__AIM OF THE EXERCISE__:
If an entry holds an image, leave that image out and transcribe everything else exactly.

__AVAILABLE DATA__:
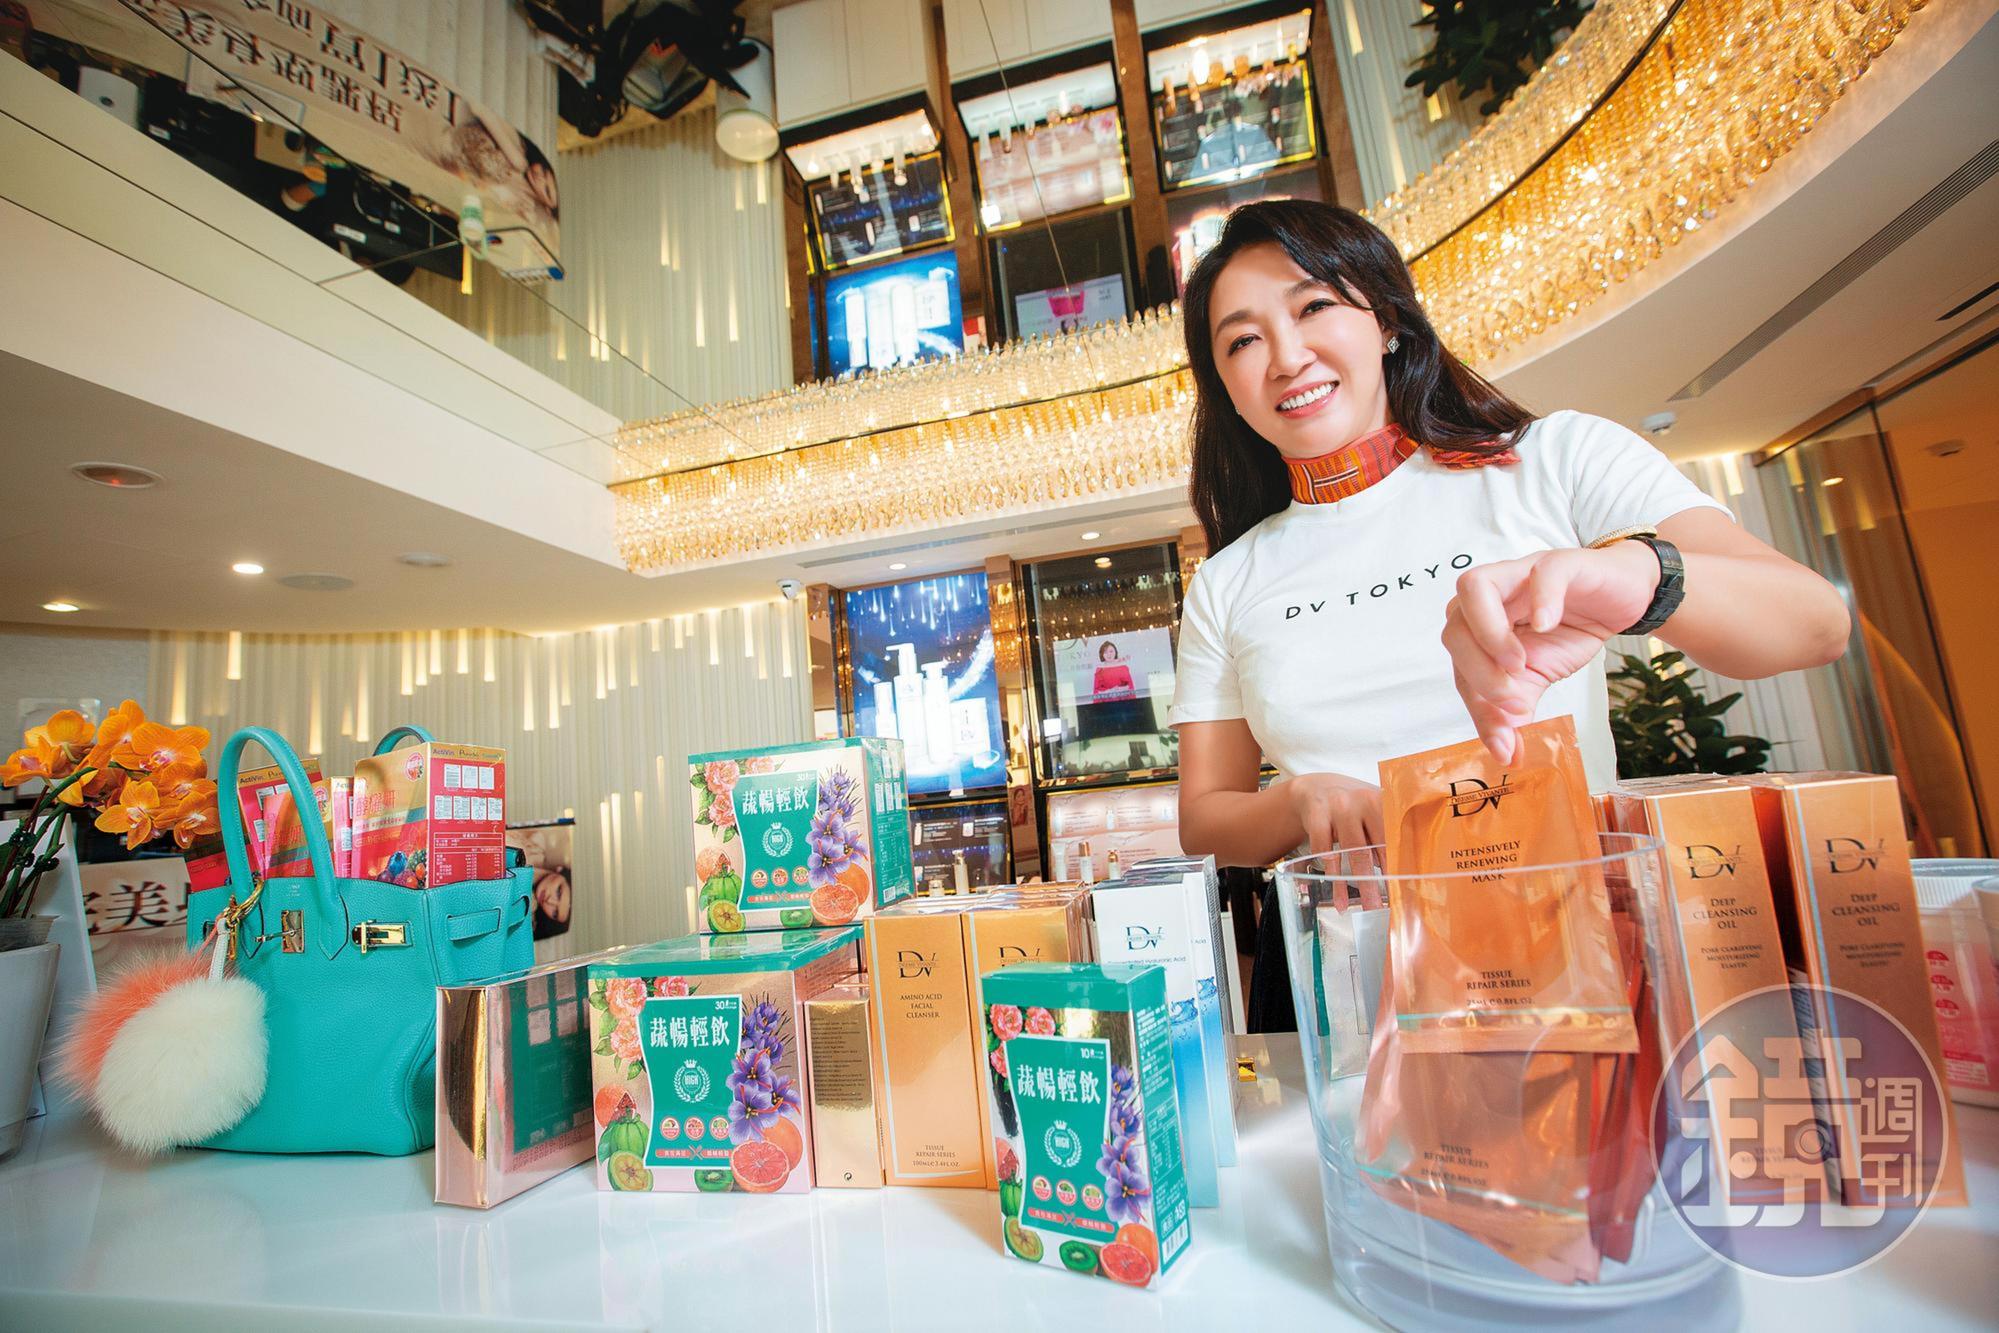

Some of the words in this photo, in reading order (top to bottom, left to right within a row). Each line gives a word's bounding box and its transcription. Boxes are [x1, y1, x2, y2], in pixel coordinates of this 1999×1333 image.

[1286, 600, 1326, 620] DV
[1346, 554, 1473, 606] TOKYO
[742, 786, 810, 815] 蔬暢輕飲
[1449, 774, 1509, 818] DV
[1450, 840, 1520, 859] INTENSIVELY
[1826, 838, 1885, 873] DV
[1456, 853, 1517, 869] RENEWING
[1685, 844, 1741, 879] DV
[1472, 873, 1505, 884] MASK
[1711, 898, 1736, 907] DEEP
[1850, 893, 1877, 903] DEEP
[1693, 907, 1757, 920] CLEANSING
[1832, 903, 1900, 916] CLEANSING
[1717, 920, 1738, 929] OIL
[1857, 917, 1878, 927] OIL
[1126, 926, 1163, 950] DV
[897, 950, 936, 978] DV
[1481, 970, 1513, 980] TISSUE
[1466, 981, 1498, 990] REPAIR
[1500, 979, 1532, 989] SERIES
[650, 1016, 730, 1048] 蔬暢輕飲
[1017, 1064, 1101, 1104] 蔬暢輕飲
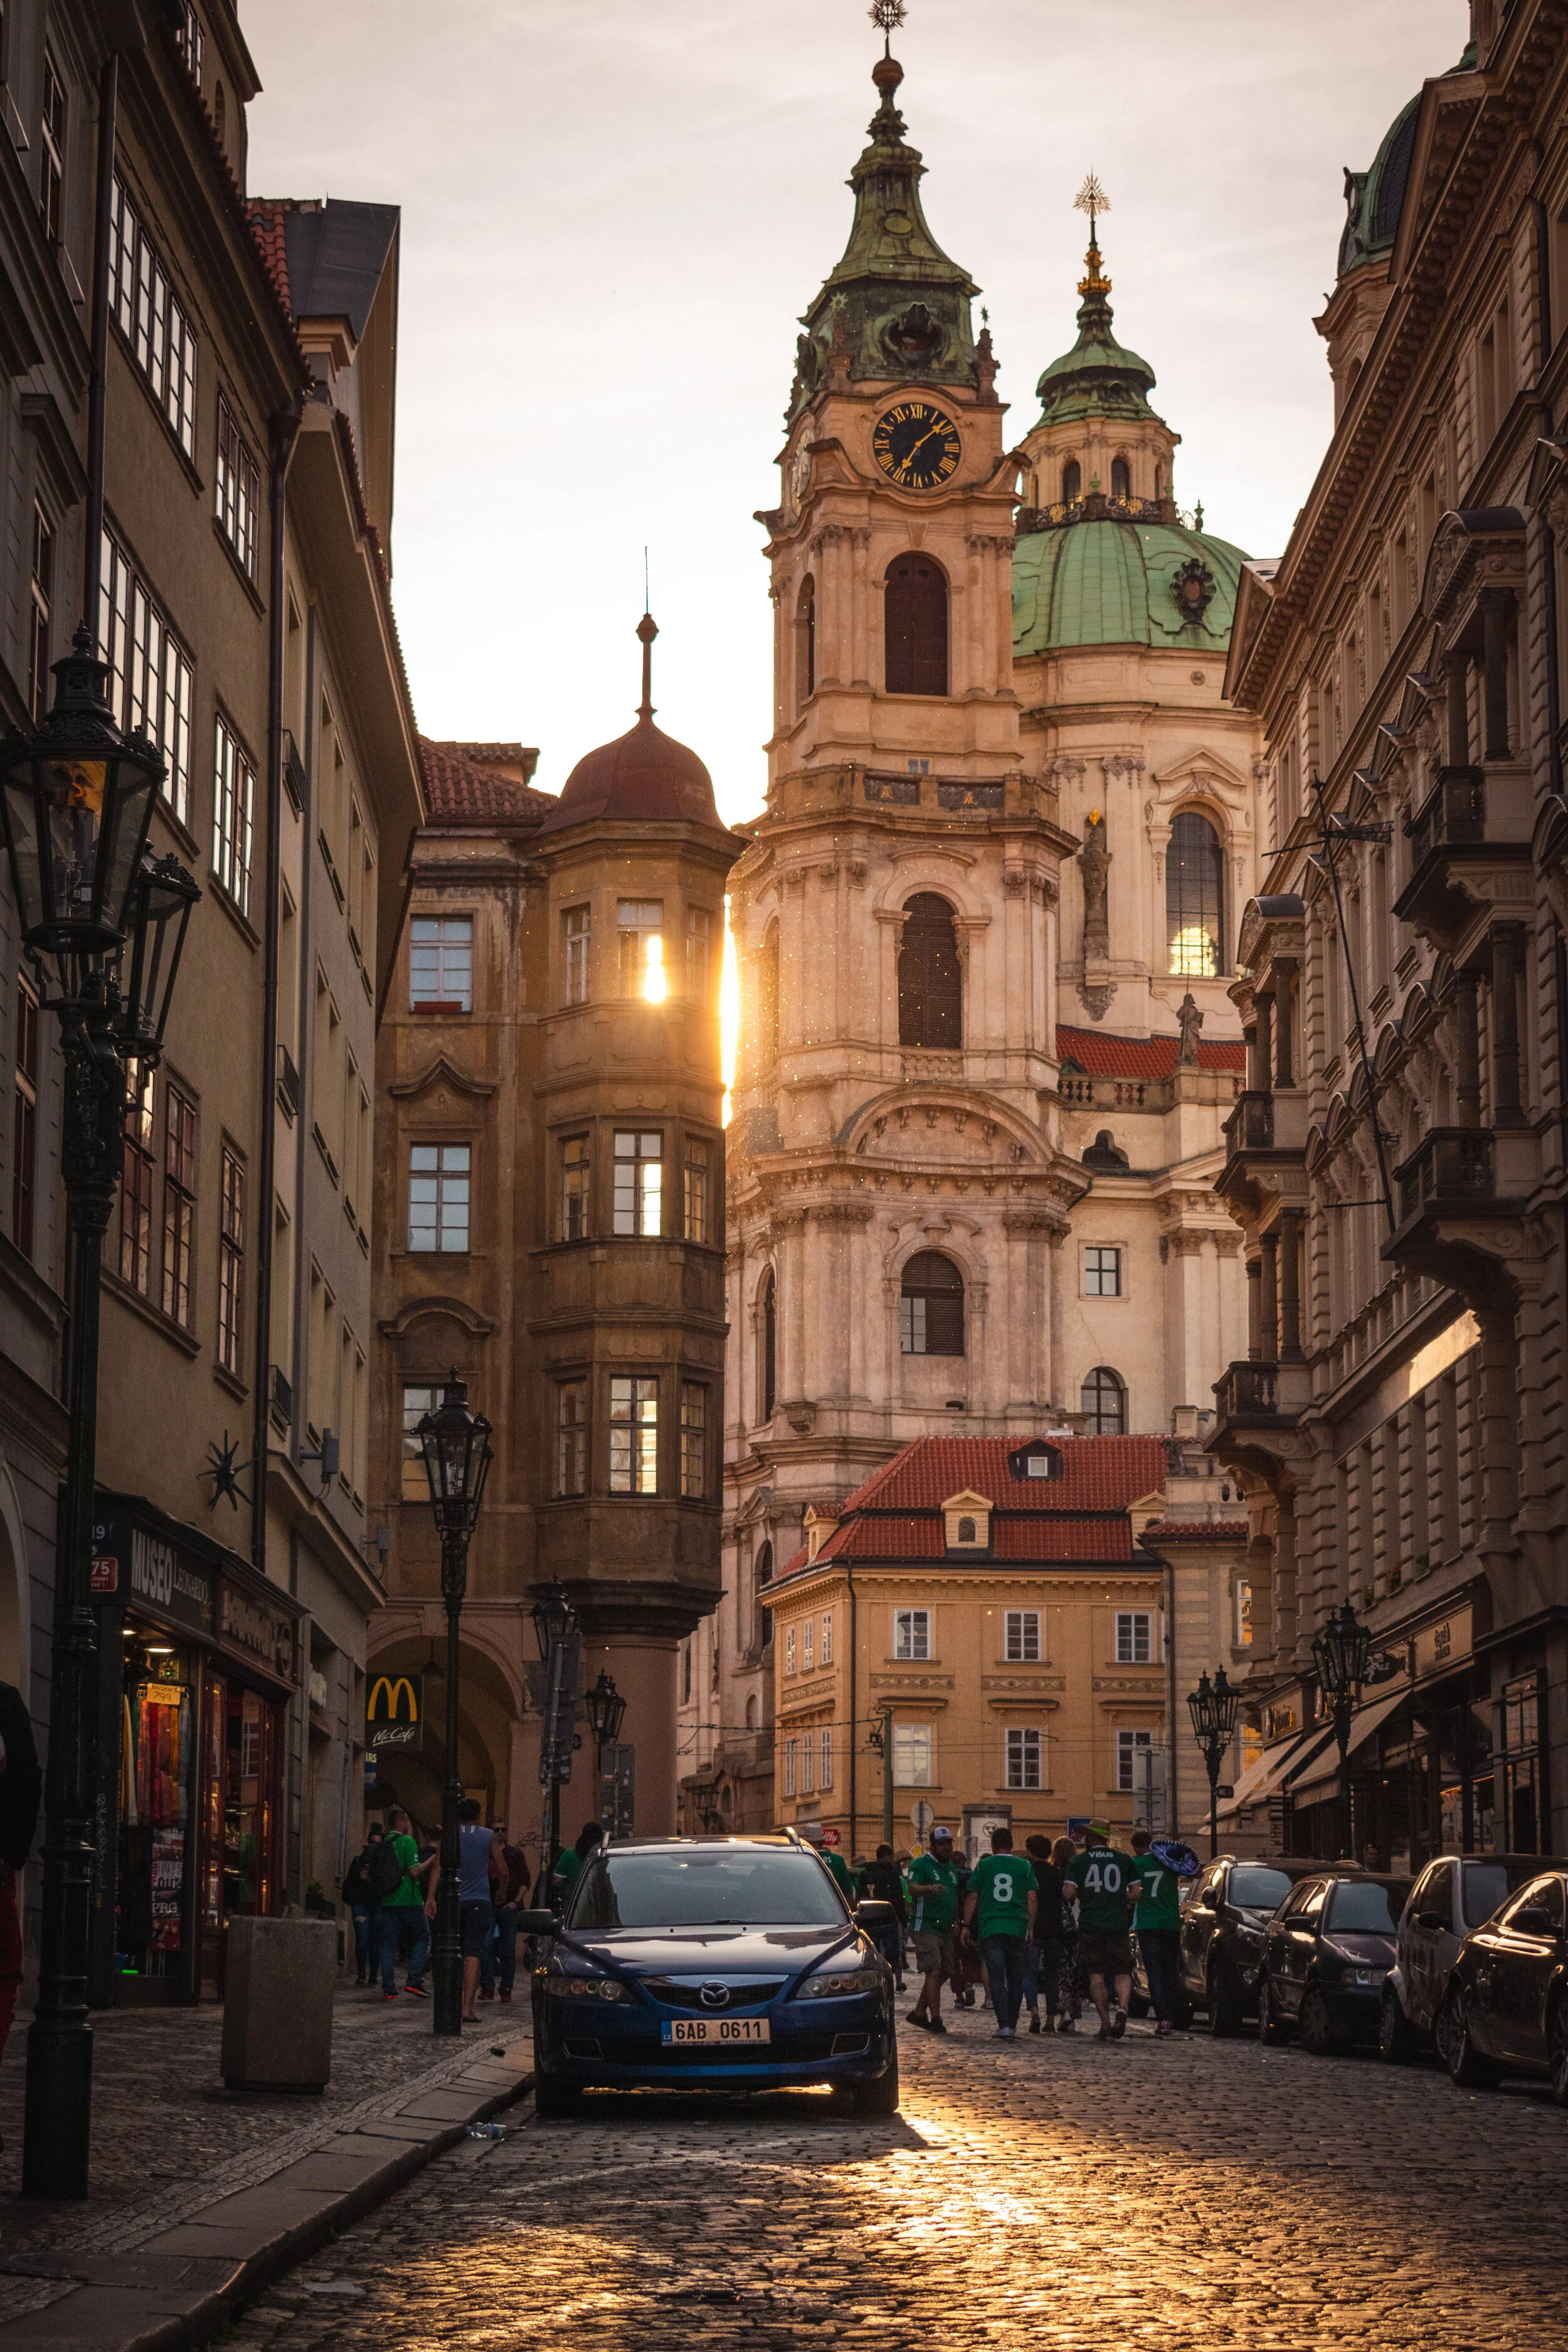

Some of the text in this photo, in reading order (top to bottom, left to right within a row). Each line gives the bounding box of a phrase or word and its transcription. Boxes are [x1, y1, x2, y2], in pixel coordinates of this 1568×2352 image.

__EXERCISE RESULT__:
Some of the words in this photo, in reading order (top to bottom, left to right within a row). Each line gives a word's bounding box and its transcription. Boxes are [x1, y1, x2, y2], in pixel coordinates of this 1999×1333 image.

[1286, 600, 1326, 620] DV
[1346, 554, 1473, 606] TOKYO
[742, 786, 810, 815] 蔬暢輕飲
[1449, 774, 1509, 818] DV
[1450, 840, 1520, 859] INTENSIVELY
[1826, 838, 1885, 873] DV
[1456, 853, 1517, 869] RENEWING
[1685, 844, 1741, 879] DV
[1472, 873, 1505, 884] MASK
[1711, 898, 1736, 907] DEEP
[1850, 893, 1877, 903] DEEP
[1693, 907, 1757, 920] CLEANSING
[1832, 903, 1900, 916] CLEANSING
[1717, 920, 1738, 929] OIL
[1857, 917, 1878, 927] OIL
[1126, 926, 1163, 950] DV
[897, 950, 936, 978] DV
[1481, 970, 1513, 980] TISSUE
[1466, 981, 1498, 990] REPAIR
[1500, 979, 1532, 989] SERIES
[650, 1016, 730, 1048] 蔬暢輕飲
[1017, 1064, 1101, 1104] 蔬暢輕飲

Some of the text in this photo, in reading order (top to bottom, left to right within a row). Each line gives the bounding box of a phrase or word and its transcription. Boxes are [x1, y1, x2, y2], in pixel coordinates of this 1568×2352 image.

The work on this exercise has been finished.